*Work order*. Pictures aside, each record should be reproduced exactly.
::: Provided data
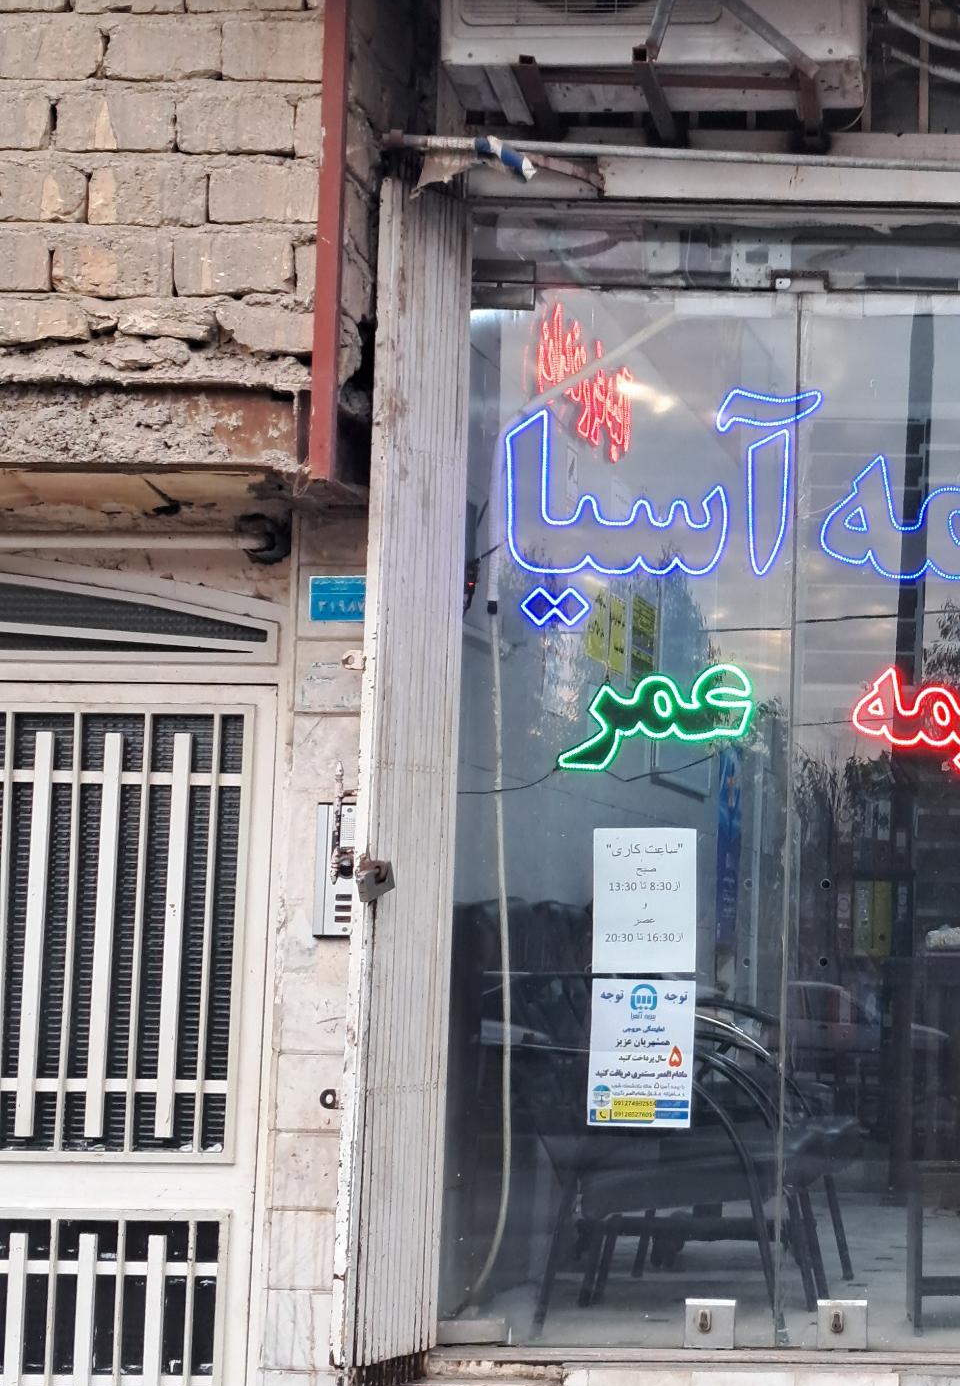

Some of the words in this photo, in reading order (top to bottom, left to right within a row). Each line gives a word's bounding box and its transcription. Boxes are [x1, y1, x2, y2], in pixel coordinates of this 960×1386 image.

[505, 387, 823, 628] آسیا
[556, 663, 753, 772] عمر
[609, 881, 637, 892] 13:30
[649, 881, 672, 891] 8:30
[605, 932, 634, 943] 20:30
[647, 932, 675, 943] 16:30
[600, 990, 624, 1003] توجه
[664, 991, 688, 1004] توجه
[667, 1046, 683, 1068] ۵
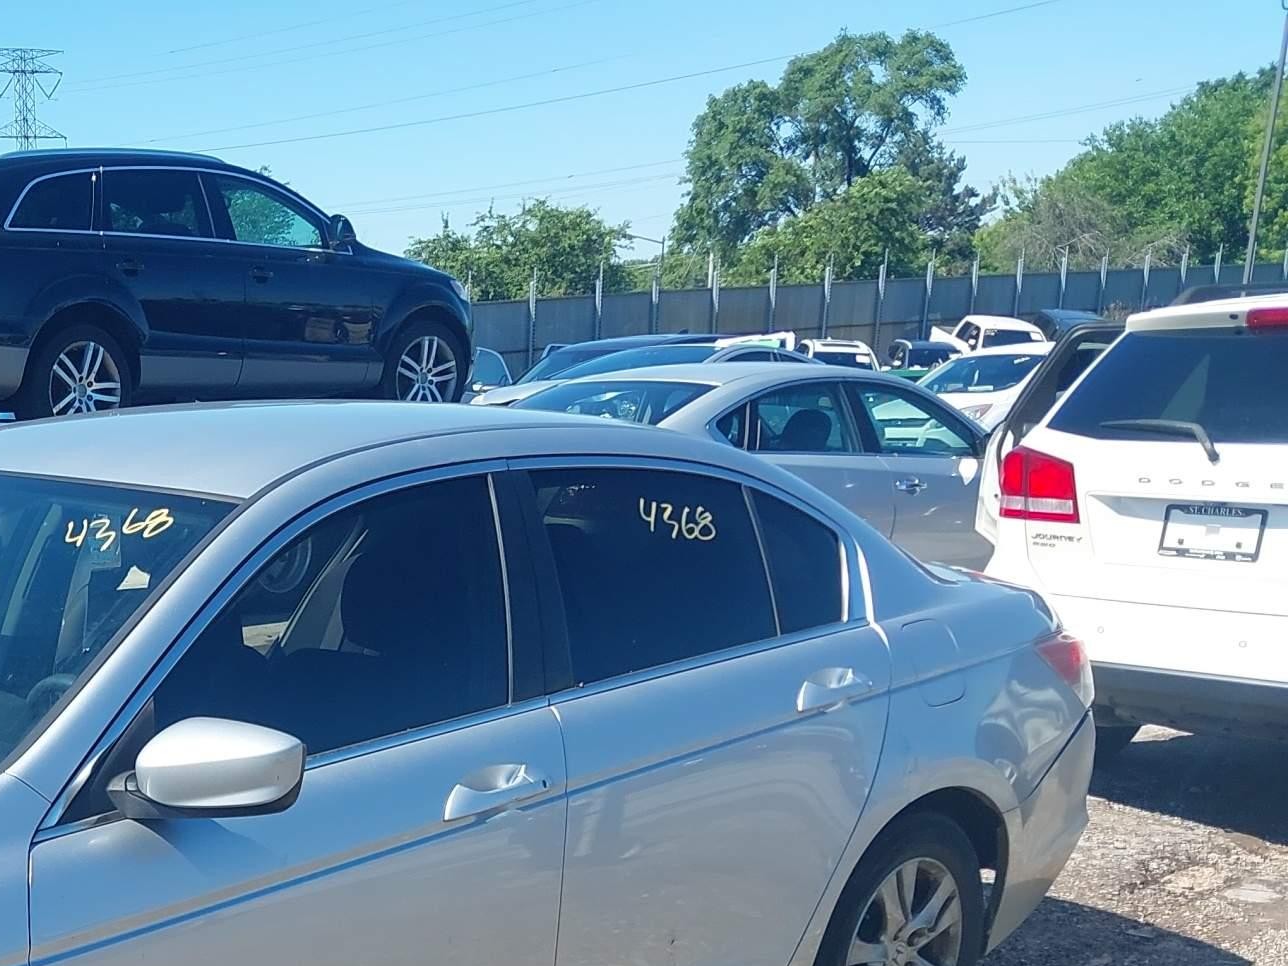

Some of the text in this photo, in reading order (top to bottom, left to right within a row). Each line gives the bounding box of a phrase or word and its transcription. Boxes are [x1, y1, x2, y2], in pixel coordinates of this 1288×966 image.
::::::
*Response area*.
Some of the words in this photo, in reading order (top to bottom, left to right within a row). Each line gives a word's bounding box and its transcription. Boxes are [x1, y1, x2, y2], in pixel coordinates of this 960×1386 image.

[505, 387, 823, 628] آسیا
[556, 663, 753, 772] عمر
[609, 881, 637, 892] 13:30
[649, 881, 672, 891] 8:30
[605, 932, 634, 943] 20:30
[647, 932, 675, 943] 16:30
[600, 990, 624, 1003] توجه
[664, 991, 688, 1004] توجه
[667, 1046, 683, 1068] ۵

Some of the text in this photo, in reading order (top to bottom, left to right within a row). Each line gives the bounding box of a phrase or word and its transcription. Boxes are [x1, y1, x2, y2], in pixel coordinates of this 1288×966 image.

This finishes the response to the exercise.